First, we need to come up with a recursive formula:

Starting from the least significant digit (LSD) to the most significant digit (MSD), we have the right solution if, after calculating the MSD, we have S(x) = S(x*m)

To check if a number is a valid solution, we need to know three things:

  • What is the current sum of the digit S (x)
  • What is the current sum of the digit S (x * m)
  • What is the current number.

So, to answer the first and last, it’s easy, we just need to support two parameters sum and digit . To calculate the second, we need to save two additional parameters: sumOfProduct and lastRemaining .
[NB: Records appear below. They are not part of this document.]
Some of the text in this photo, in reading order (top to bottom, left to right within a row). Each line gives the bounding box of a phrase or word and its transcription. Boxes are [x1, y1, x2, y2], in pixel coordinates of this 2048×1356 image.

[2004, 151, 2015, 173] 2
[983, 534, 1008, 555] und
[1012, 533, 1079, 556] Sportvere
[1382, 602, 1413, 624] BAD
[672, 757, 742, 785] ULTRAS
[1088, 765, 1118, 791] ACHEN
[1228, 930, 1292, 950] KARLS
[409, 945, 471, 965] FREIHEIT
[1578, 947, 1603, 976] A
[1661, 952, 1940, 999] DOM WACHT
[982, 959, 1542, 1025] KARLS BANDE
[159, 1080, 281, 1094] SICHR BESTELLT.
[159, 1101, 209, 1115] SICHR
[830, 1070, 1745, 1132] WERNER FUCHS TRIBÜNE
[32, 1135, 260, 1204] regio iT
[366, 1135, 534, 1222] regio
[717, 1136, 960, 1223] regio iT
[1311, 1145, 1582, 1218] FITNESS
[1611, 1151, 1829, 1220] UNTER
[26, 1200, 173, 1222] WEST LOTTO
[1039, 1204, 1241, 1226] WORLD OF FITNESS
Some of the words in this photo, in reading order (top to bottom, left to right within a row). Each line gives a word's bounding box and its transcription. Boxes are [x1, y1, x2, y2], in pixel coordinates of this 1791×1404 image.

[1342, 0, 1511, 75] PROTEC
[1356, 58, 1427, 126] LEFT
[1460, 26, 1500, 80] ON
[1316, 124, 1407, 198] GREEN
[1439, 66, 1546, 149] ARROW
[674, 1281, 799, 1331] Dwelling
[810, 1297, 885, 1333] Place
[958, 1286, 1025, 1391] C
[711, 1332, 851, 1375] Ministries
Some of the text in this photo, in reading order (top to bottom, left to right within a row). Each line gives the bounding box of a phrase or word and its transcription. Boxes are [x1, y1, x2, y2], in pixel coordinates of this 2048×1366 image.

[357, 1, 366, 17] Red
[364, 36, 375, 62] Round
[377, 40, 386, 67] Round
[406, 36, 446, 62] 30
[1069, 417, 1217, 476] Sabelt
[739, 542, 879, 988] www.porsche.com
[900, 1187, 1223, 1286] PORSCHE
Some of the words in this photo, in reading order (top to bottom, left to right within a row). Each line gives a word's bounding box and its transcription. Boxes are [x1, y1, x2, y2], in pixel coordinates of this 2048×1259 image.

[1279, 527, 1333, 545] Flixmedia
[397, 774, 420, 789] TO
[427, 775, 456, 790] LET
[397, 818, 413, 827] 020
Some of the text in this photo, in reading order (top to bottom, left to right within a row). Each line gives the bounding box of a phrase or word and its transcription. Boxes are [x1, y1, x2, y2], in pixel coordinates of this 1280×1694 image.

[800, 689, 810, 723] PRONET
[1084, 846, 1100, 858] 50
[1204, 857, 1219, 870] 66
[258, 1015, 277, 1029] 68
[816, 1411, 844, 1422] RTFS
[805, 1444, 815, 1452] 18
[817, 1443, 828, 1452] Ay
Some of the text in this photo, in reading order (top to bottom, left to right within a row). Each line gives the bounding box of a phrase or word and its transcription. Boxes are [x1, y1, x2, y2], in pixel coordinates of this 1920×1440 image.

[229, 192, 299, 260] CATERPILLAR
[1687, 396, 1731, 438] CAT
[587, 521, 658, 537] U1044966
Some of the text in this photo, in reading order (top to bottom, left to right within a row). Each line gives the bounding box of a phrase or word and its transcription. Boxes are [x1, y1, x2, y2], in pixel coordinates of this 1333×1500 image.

  • sumOfProduct - current S (x * m)
  • lastRemaining is the result (m * current digit value + lastRemaining) / 10

For example, we have x = 123 and m = 23

  • First digit = 3

     sum = 3 digit = 0 sumOfProduct += (lastRemaining + 3*m) % 10 = 9 lastRemaining = (m*3 + 0)/10 = 6 
  • Second digit = 2

     sum = 5 digit = 1 sumOfProduct += (lastRemaining + 2*m) % 10 = 11 lastRemaining = (m*2 + lastRemaining)/10 = 5 
  • Last digit = 1

     sum = 6 digit = 2 sumOfProduct += (lastRemaining + m) % 10 = 19 lastRemaining = (m + lastRemaining)/10 = 2 

    Since this is the last digit, sumOfProduct += S(lastRemaining) = 21 .

So x = 123 and m = 23 are not a valid number. Check x*m = 2829 -> S(x*m) = S(2829) = 21 .

So, we can have a recursive formula with state (digit, sum, sumOfProdut, lastRemaining) .

Thus, our dynamic programming state is dp[18][18*9 + 1][18*9 + 1][200] (as m <= 100, so lastRemaining not more than 200).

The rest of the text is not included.